* WHAT YOU SHOULD DO *
Please return each entry that follows exactly as written, and keep the pictures out.

(Free-text object descriptions)
^^^^

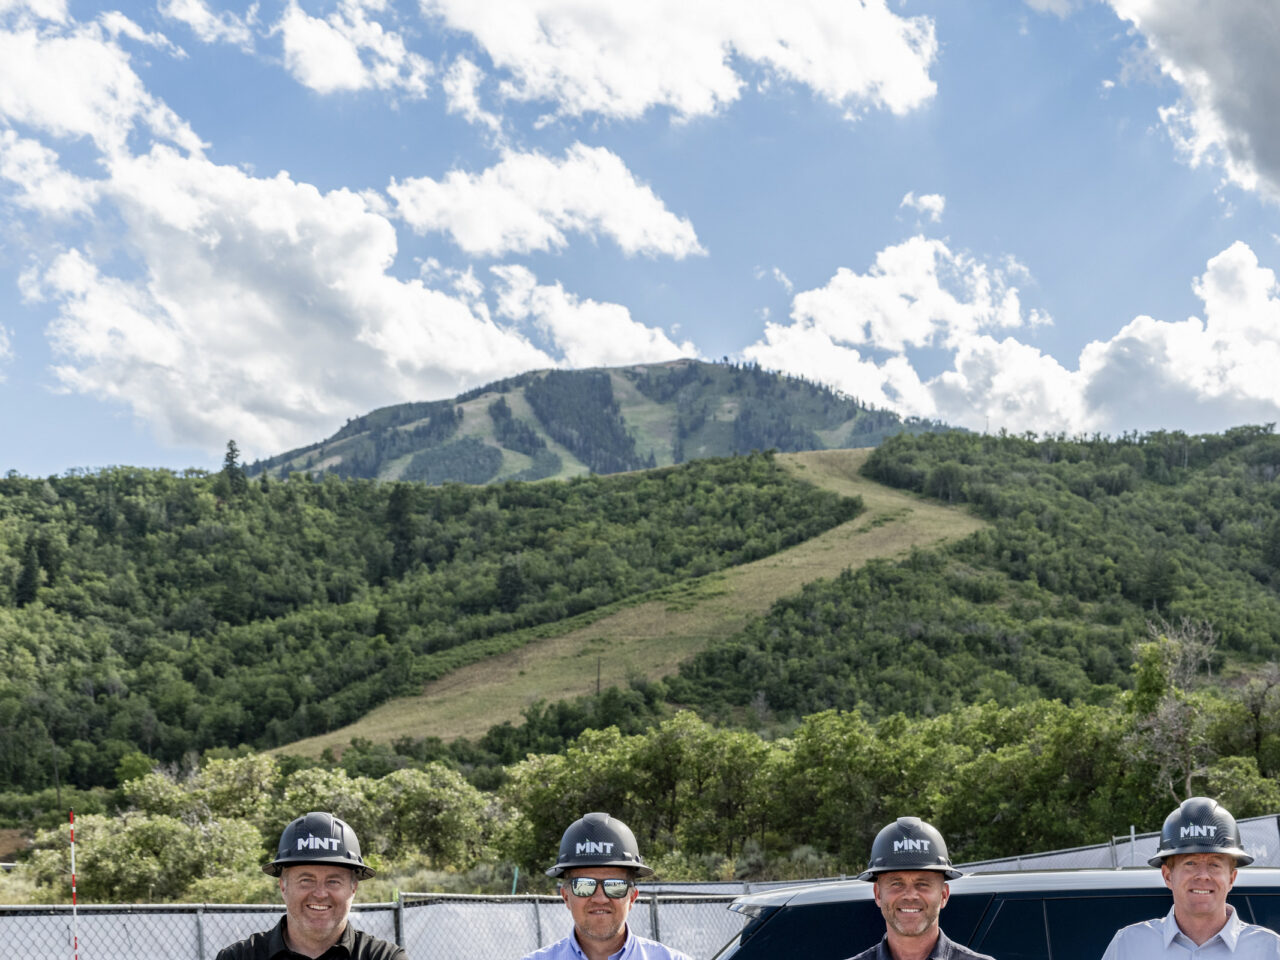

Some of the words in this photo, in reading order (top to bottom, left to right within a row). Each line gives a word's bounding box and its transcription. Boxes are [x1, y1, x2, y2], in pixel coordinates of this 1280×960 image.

[1180, 822, 1217, 838] MINT
[297, 833, 341, 851] MINT
[575, 838, 614, 854] MINT
[893, 836, 931, 852] MINT
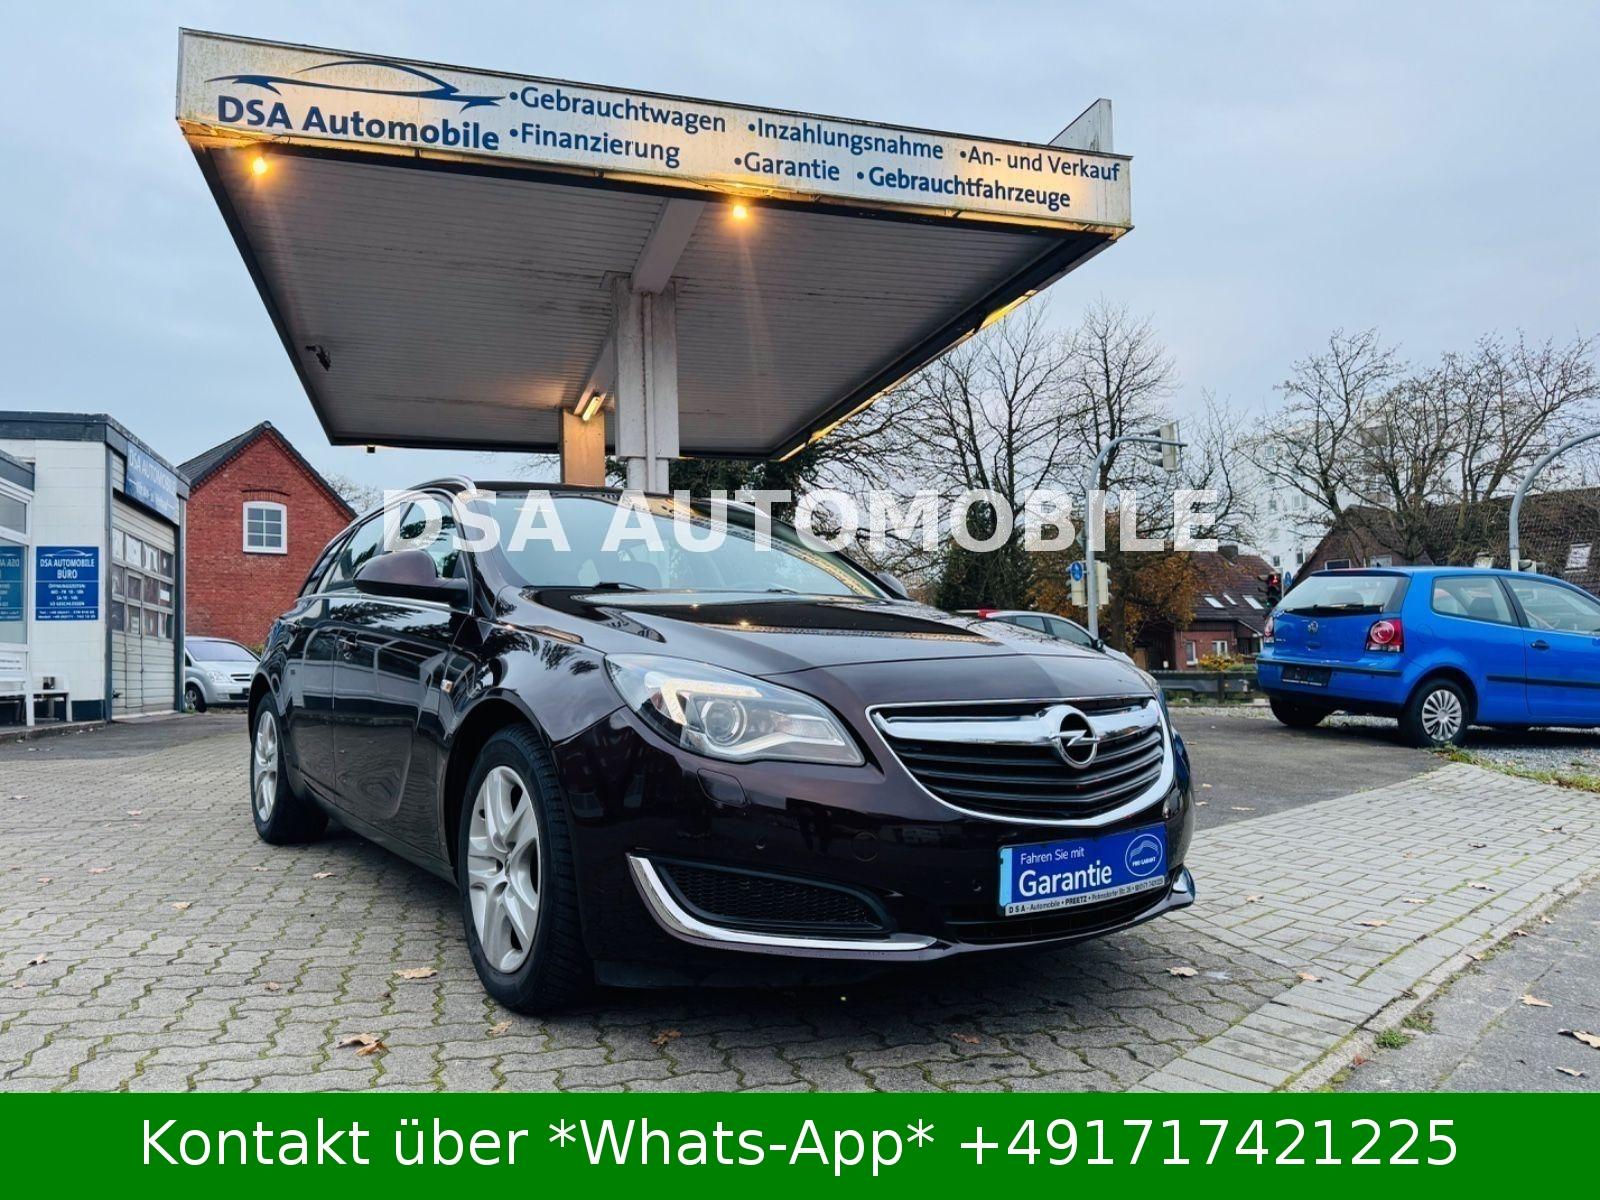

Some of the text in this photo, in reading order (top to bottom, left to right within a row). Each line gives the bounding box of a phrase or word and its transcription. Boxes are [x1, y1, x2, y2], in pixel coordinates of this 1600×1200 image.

[217, 95, 500, 151] DSA Automobile
[521, 86, 726, 134] Gebrauchtwagen
[521, 123, 680, 169] Finanzierung
[757, 117, 944, 160] Inzahlungsnahme
[743, 151, 841, 182] Garantie
[966, 145, 1121, 182] An- und Verkauf
[868, 166, 1072, 211] Gebrauchtfahrzeuge
[40, 558, 95, 568] DSA AUTOMOBILE
[57, 567, 78, 579] BÜRO
[1020, 847, 1085, 865] Fahren Sie mit
[1018, 860, 1113, 897] Garantie
[1065, 895, 1088, 906] PREETZ

^^^^

* SOLUTION *
Some of the words in this photo, in reading order (top to bottom, left to right within a row). Each line gives a word's bounding box and its transcription. Boxes are [x1, y1, x2, y2], in pixel coordinates of this 1280×960 image.

[1180, 822, 1217, 838] MINT
[297, 833, 341, 851] MINT
[575, 838, 614, 854] MINT
[893, 836, 931, 852] MINT

Some of the text in this photo, in reading order (top to bottom, left to right within a row). Each line gives the bounding box of a phrase or word and its transcription. Boxes are [x1, y1, x2, y2], in pixel coordinates of this 1600×1200 image.

[217, 95, 500, 151] DSA Automobile
[521, 86, 726, 134] Gebrauchtwagen
[521, 123, 680, 169] Finanzierung
[757, 117, 944, 160] Inzahlungsnahme
[743, 151, 841, 182] Garantie
[966, 145, 1121, 182] An- und Verkauf
[868, 166, 1072, 211] Gebrauchtfahrzeuge
[40, 558, 95, 568] DSA AUTOMOBILE
[57, 567, 78, 579] BÜRO
[1020, 847, 1085, 865] Fahren Sie mit
[1018, 860, 1113, 897] Garantie
[1065, 895, 1088, 906] PREETZ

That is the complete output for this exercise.